* _Given data_
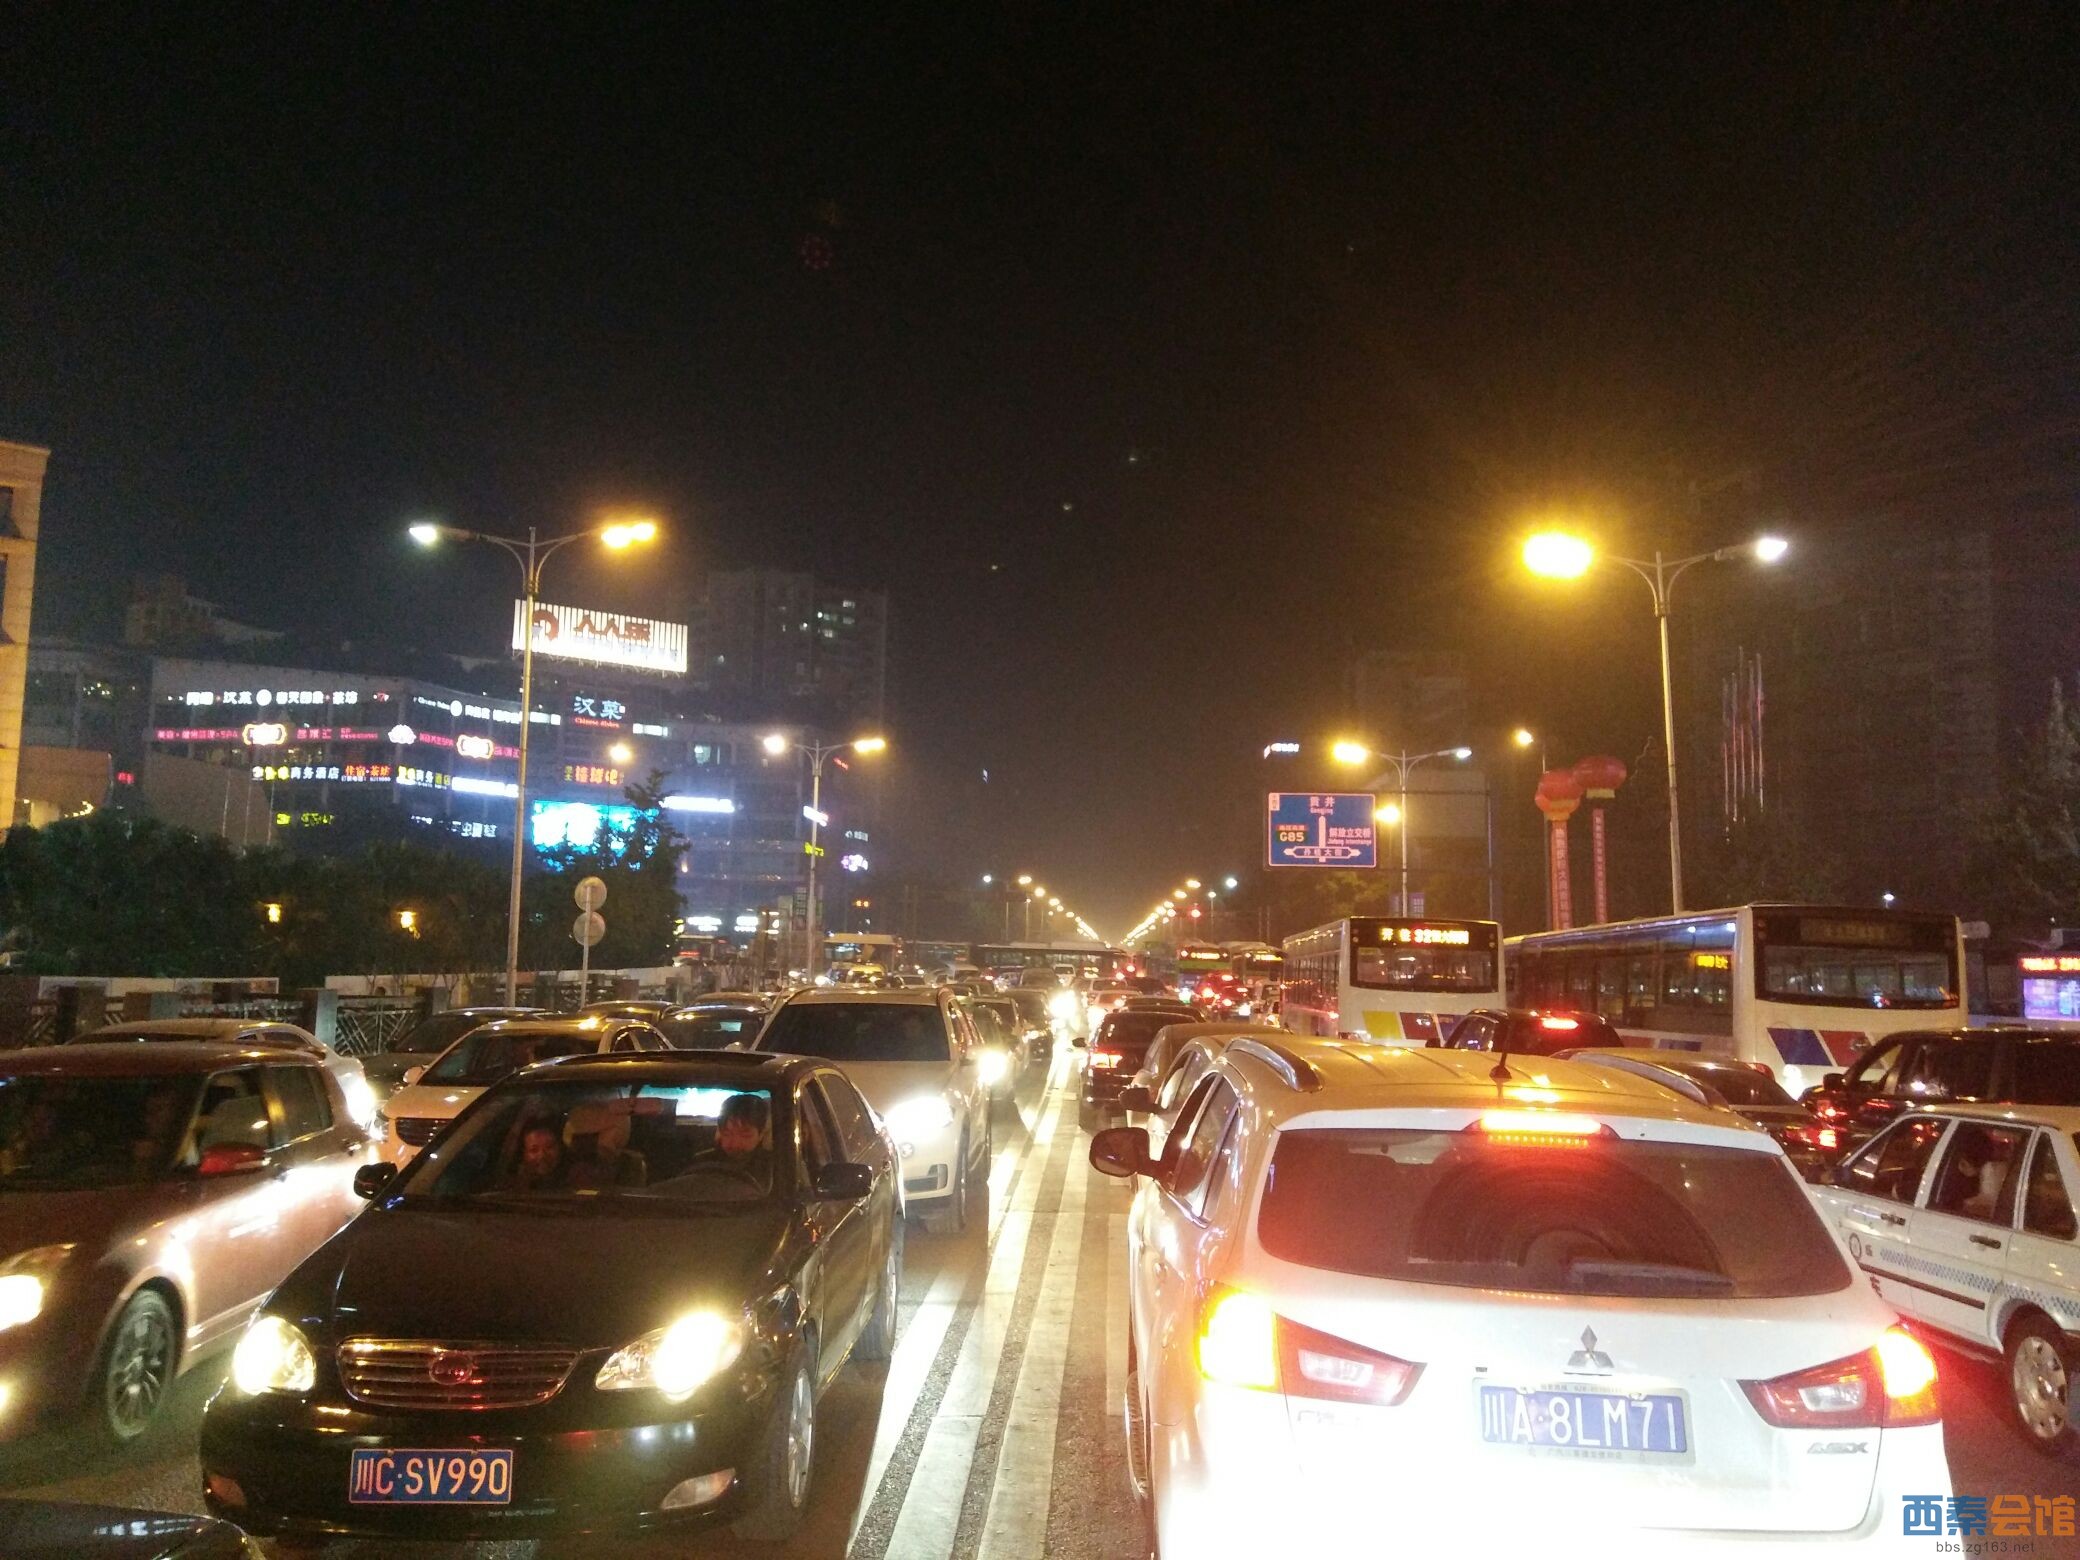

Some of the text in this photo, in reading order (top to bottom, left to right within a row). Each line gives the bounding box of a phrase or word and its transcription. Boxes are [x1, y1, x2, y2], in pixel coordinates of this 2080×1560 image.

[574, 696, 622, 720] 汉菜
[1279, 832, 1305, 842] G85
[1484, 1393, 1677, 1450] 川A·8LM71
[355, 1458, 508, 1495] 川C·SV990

* _Required action_
Drop the images and transcribe the entries above exactly.

* _Completed task_
Some of the text in this photo, in reading order (top to bottom, left to right within a row). Each line gives the bounding box of a phrase or word and its transcription. Boxes are [x1, y1, x2, y2], in pixel coordinates of this 2080×1560 image.

[574, 696, 622, 720] 汉菜
[1279, 832, 1305, 842] G85
[1484, 1393, 1677, 1450] 川A·8LM71
[355, 1458, 508, 1495] 川C·SV990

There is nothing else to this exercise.